After some time talking…I told her I was a pastor. “You are?” she asked back.

“Yep, I know it’s crazy…but I really am….and I can help you.”

“That means you were suppose to be right here at this very moment.” she replied.

“That’s what I am afraid of,” I said back in totally honesty, “let’s get you some help.”

She was bleeding from the head quite badly. There was a lot of blood. She was also getting dizzy. So I helped her to the main street and had her sit by a tree.

She debated going to the hospital or to a women’s shelter. It was her choice. I told her I would do exactly want she wanted and sought to find the safest option.  But she was hesitant to receive any official help from a shelter or a hospital.  She was afraid they would ask more questions at the hospital and get her boyfriend in trouble, but I said they will ask questions anywhere… ( I really didn’t know this…but I was assuming as much without knowing all the facts…)

She eventually chose the hospital. I called my friend Emily to pick us up and take us to the hospital. Emily was gracious and kind to help.  I had to pull out my iPhone to call her…and locate exactly where I was standing.   Randomly enough, my friends pulled up to me on their bikes to check out all the commotion.  They knew who the woman was…and her boyfriend….(actually common law husband they said)… They were gracious to help for a minute, comfort her, and help her get situated in my friends car.

(I was afraid they would be confused about my iPhone…but they have never mentioned it since….I guess it didn’t bother them I had a smartphone or a friend to call who has a nice car…)

Emily and I drove her to the closet hospital in downtown San Antonio.  As I checked her in at the ER…I realized the nurses had to assume I might be the abuser…it was an awkward feeling… I have never been treated like an abuser before…it was a strange feeling.  It made me think about the men who really treat women in such awful ways….

After a few minutes of observation, the nurses realized I was helping her and assisted her to the ER…so they became more accommodating to my presence.

As we were waiting for her doctor, she told me her life story.

Her name was Christi. She was born in Abilene, Texas. Her father beat her as a child and her mom taught her to sell, cook, and do meth as a teenager.  By 16, she had already been raped multiple times, grew accustomed to abusive boyfriends and family members, and learned how to live life on the streets to survive.  At 17, Christi left Abilene and began living on and off the streets in South Texas. The drug use intensified, the violence got worse, and she went to jail for cooking and selling Meth—-the trade her mother taught her back in Abilene.

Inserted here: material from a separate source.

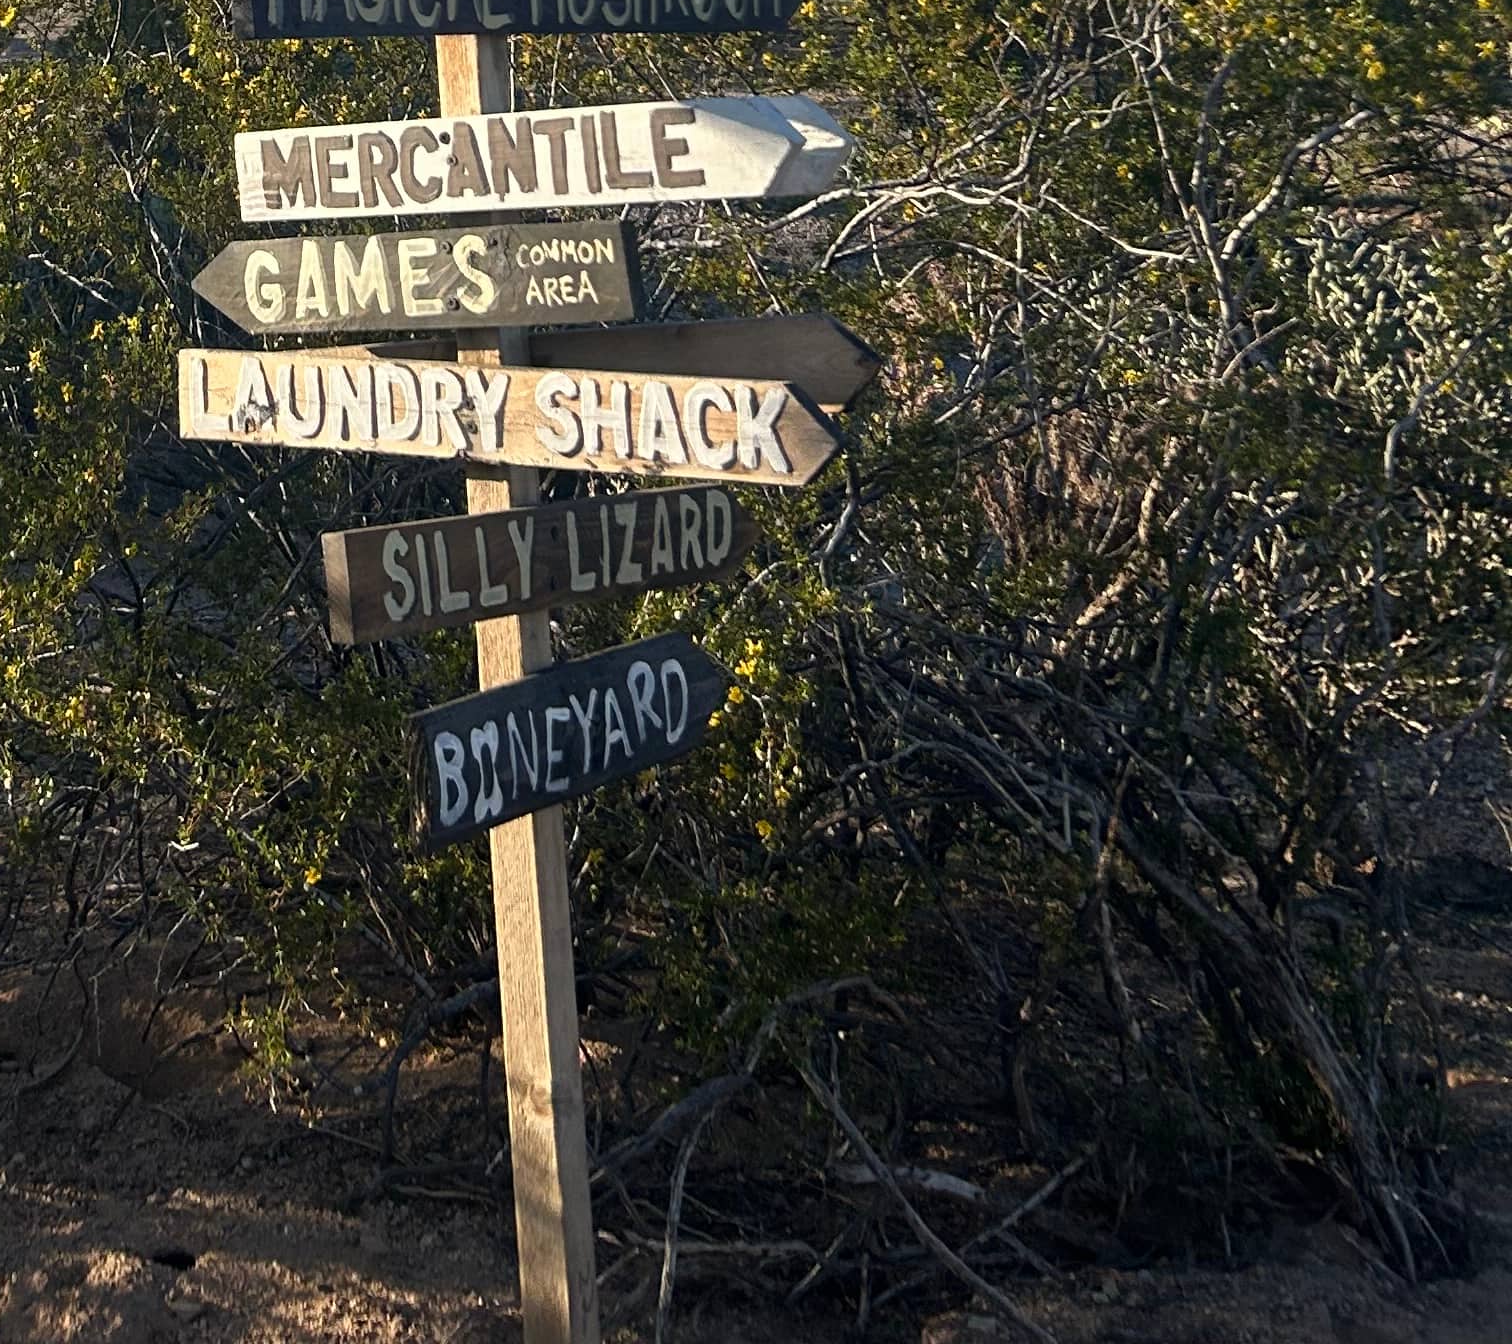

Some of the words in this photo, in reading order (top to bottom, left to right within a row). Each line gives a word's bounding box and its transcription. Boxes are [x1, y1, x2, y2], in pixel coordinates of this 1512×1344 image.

My heart was breaking as she told me her story.
All I could do was listen and pray.

My mom was raised in Abilene, TX.  Christi and my mom went to the same high school. (Obviously years apart….)   My grandfather worked as a pastor and taught in the Bible Department at Abilene Christian University for decades.  I went to Abilene almost every year at Christmas and Summer breaks (staying at the Embassy Suites near the mall she would sell most of her drugs) to visit my mom’s parents.  I don’t know why I was surprised to hear she was from Abilene…but all I kept thinking about was my mom.  She is a woman too…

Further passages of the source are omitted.